PERTEMUAN SENJA
“Dan aku terjebak dalam labirin rindu yang tak pernah kau tahu”
Gerimis senja ini membuat Indira sedikit malas keluar dari rumah kost yang telah ditempatinya selama lima tahun ini. Mungkin sebagian orang akan jenuh dengan suasana yang sama selama lima tahun. Dan kalau boleh jujur, Indira juga jenuh dengan tempat ini. Tapi dia tak punya pilihan, karena hanya ini yang bisa dia usahakan dengan uangnya yang nyaris selalu pas-pasan.
Namun dering di ponsel usangnya membuat dia tak bisa mengelak dari rutinitasnya setiap malam. Menjadi pelayan sebuah kafe di sebuah mall. Pekerjaan yang sudah ditekuninya semenjak dia berada di tahun kedua kuliahnya.
‘Jangan lupa untuk datang ke kafe, Yuna hari ini libur’ itu bunyi pesan singkat yang ditulis oleh Mbak Riris, manajer kafe Ozone.
Indira mendesah, padahal badannya seperti remuk karena beberapa minggu ini dia harus lembur menggantikan temannya yang sering mangkir. Memang sih ada tips lebih, tapi Indira bukan manusia super yang bekerja seperti robot.
“Jangan melamun saja, itu ojek langganan kamu sudah menunggu” Nurma, teman kost yang tinggal di kamar sebelahnya menyadarkannya dari lamunan.
Indira hanya tersenyum dan mengangguk. Kemudian langsung bergegas menuju ojek yang sudah menunggunya.
“Kelihatannya lembur terus, Mbak ?” tukang ojek usil bertanya.
“Gantikan teman yang mangkir, Bang” Indira menjawab singkat.
Kemudian ojek melaju, menembus gerimis yang membuat Indira terpaksa mengatupkan bibirnya kuat-kuat untuk menghalau dingin yang meretas.
“Maaf, In ... Mbak terpaksa nyuruh kamu lembur lagi. Yuna tadi ngasih tahunya juga mendadak,” Mbak Riris langsung menyela begitu Indiratiba di kafe.

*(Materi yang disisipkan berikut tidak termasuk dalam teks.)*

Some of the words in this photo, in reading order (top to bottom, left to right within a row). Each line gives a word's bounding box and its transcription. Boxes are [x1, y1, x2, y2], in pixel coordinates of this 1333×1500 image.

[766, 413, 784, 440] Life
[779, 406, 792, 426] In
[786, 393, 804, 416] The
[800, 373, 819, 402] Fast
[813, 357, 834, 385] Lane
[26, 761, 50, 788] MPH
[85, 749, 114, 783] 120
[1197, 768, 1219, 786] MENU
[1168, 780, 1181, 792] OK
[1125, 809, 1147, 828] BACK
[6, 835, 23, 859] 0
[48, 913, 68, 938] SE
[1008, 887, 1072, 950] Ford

Indira hanya tersenyum sambil berganti pakaian dengan kostum kerjanya. Sebuah kaos jankies warna biru dengan rok putih selutut menjadi kostum kerjanya selama ini.
“Mbak janji akan mengajukan cuti untukmu di akhir tahun ini” Mbak Riris masih menungguinya di dekat locker.

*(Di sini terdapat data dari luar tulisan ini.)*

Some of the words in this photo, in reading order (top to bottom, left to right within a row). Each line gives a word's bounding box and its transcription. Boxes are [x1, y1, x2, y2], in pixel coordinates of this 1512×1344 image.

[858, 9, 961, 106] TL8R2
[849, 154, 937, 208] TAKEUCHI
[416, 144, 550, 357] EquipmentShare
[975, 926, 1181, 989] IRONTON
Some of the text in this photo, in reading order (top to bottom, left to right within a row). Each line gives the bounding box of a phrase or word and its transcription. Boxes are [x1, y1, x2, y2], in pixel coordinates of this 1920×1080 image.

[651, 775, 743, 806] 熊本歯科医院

“Nggak pa-pa kok, Mbak. Lagian saya juga nganggur meski malam minggu” Indira mencoba tersenyum.
“Cowok kamu ?”
Indira tertawa lucu dengan ungkapan Mbak Riris tentang seorang cowok.
“Kok tertawa ? Memang ada yang lucu ?”
“Mbak Riris ini aneh. Selama ini, di hampir usia saya yang nyaris dua puluh empat tahun, belum ada yang naksir sama saya” jawab Indira membuat Riris tertawa dalam kejutnya.

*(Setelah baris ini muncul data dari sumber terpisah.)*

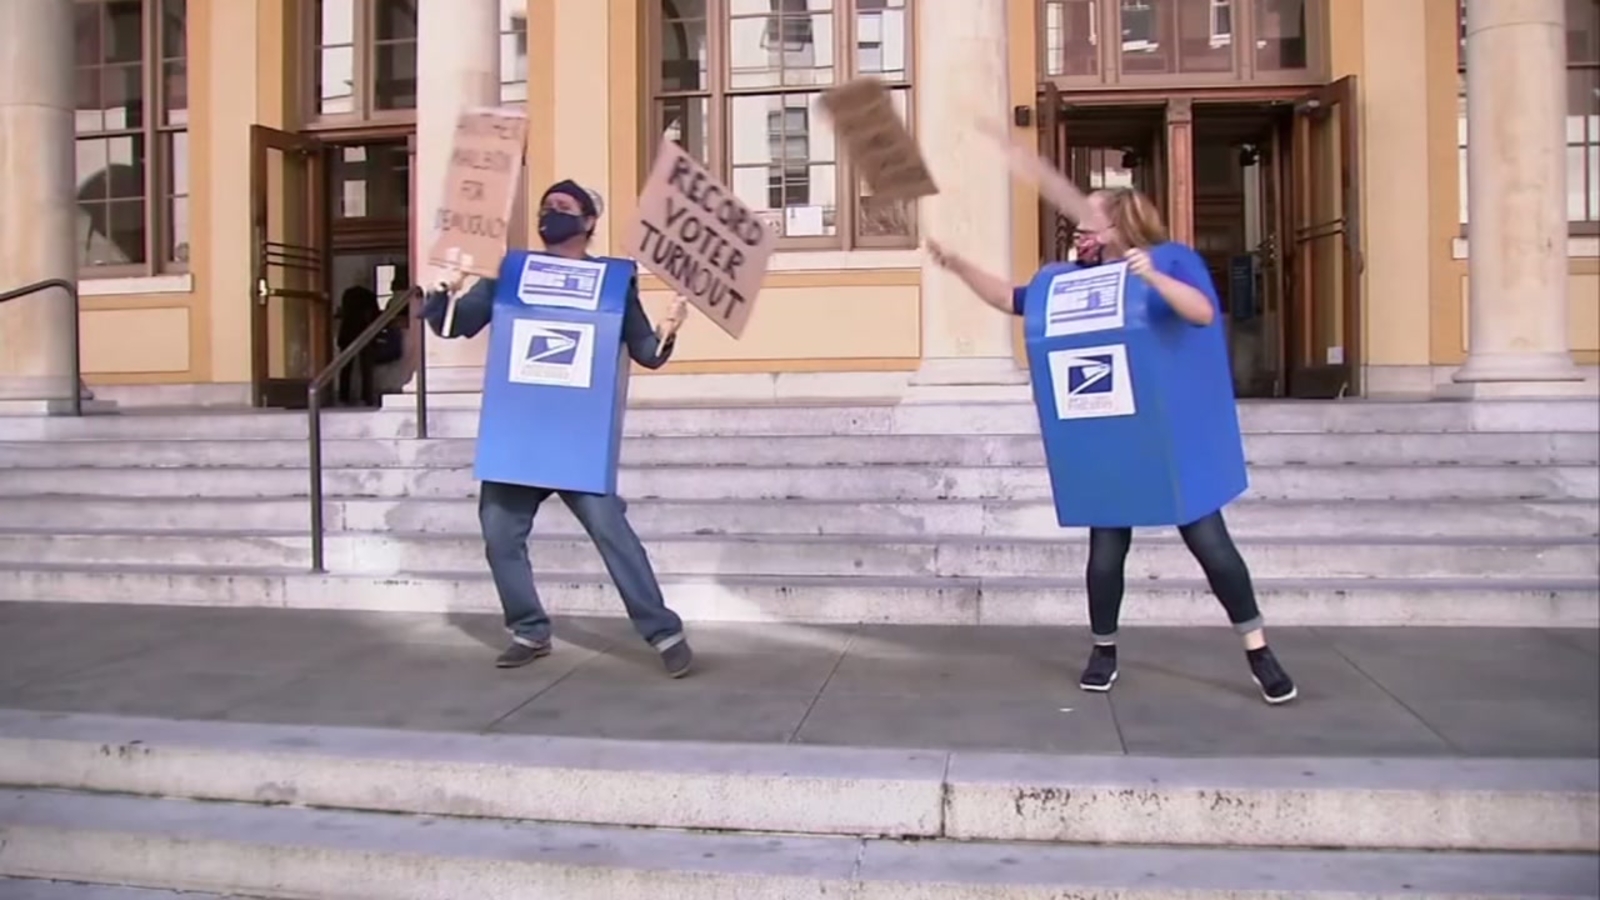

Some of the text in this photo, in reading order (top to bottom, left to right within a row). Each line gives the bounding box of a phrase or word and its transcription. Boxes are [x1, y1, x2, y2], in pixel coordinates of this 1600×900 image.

[667, 155, 763, 247] RECORD
[667, 197, 745, 281] VOTER
[639, 219, 745, 320] TURNOUT

“Ah, masa iya ? Lalu ... laki-laki yang kadang suka nungguin kamu kalau jum’at sore itu siapa ?”
Indira mengerutkan dahinya, kemudian menatap Mbak Riris masih dengan tawanya.
“Darius ?”
Mbak Riris angkat bahu.
“Dia teman terbaik yang pernah saya punya” kata Indira sambil mengambil celemek di kapstok khusus celemek, kemudian memakainya.
“Masa iya cewek secantik kamu nggak ada yang naksir ?”
Indira hanya tersenyum sambil membenahi rambutnya yang diikat. Kemudian bersiap di tempat biasa dia berada, menunggu tamu kafe yang sore ini sedikit sepi karena hujan.
Tapi kedatangan sepasang laki-laki dan perempuan di kafe Ozone membuat Indira nyaris tersedak kehabisan nafas. Wajah yang sangat Indira kenal itu kini datang dalam penampilan yang berbeda. Tentu saja, karena terakhir mereka bertemu adalah tujuh tahun lalu.
“Hei, tuh ada tamu” Mbak Riris mengagetkan Indira yang sedang menata jantungnya.
“I ... iya, Mbak” kata Indira tergagap kemudian mengambul buku menu dan mendatangi tamu yang telah duduk di kursi di sudut kafe.
Dengan langkah yang sangat kikuk, Indira mendatangi tamu dan menawarkan menu, berharap bahwa itu bukan laki-laki yang sama yang ada di dalam otaknya bertahun-tahun ini.
“Silahkan, Pak ... pilih menunya” Indira berkata santun sambil menunduk.
Si tamu lelaki terlihat memilih menu, begitupun dengan yang perempuan. Dalam menunggunya, Indira tak mampu meredam gejolak dadanya yang berdebum kencang.
Lalu setelah menemukan menu yang dipilihnya, si lelaki lantas mengatakan menunya sambil menatap Indira sekilas. Namun setelah menatap sekilas, si lelaki kembali menatap Indira dengan pandangan sedikit bertanya.
Namun keseriusan Indira membuatnya tak menyadari bahwa lelaki itu memperhatikannya dengan pandangan bertanya.
“Aku minta mie hot plate saja, Ibra. Kamu ?” Livi, si tamu perempuan berkata.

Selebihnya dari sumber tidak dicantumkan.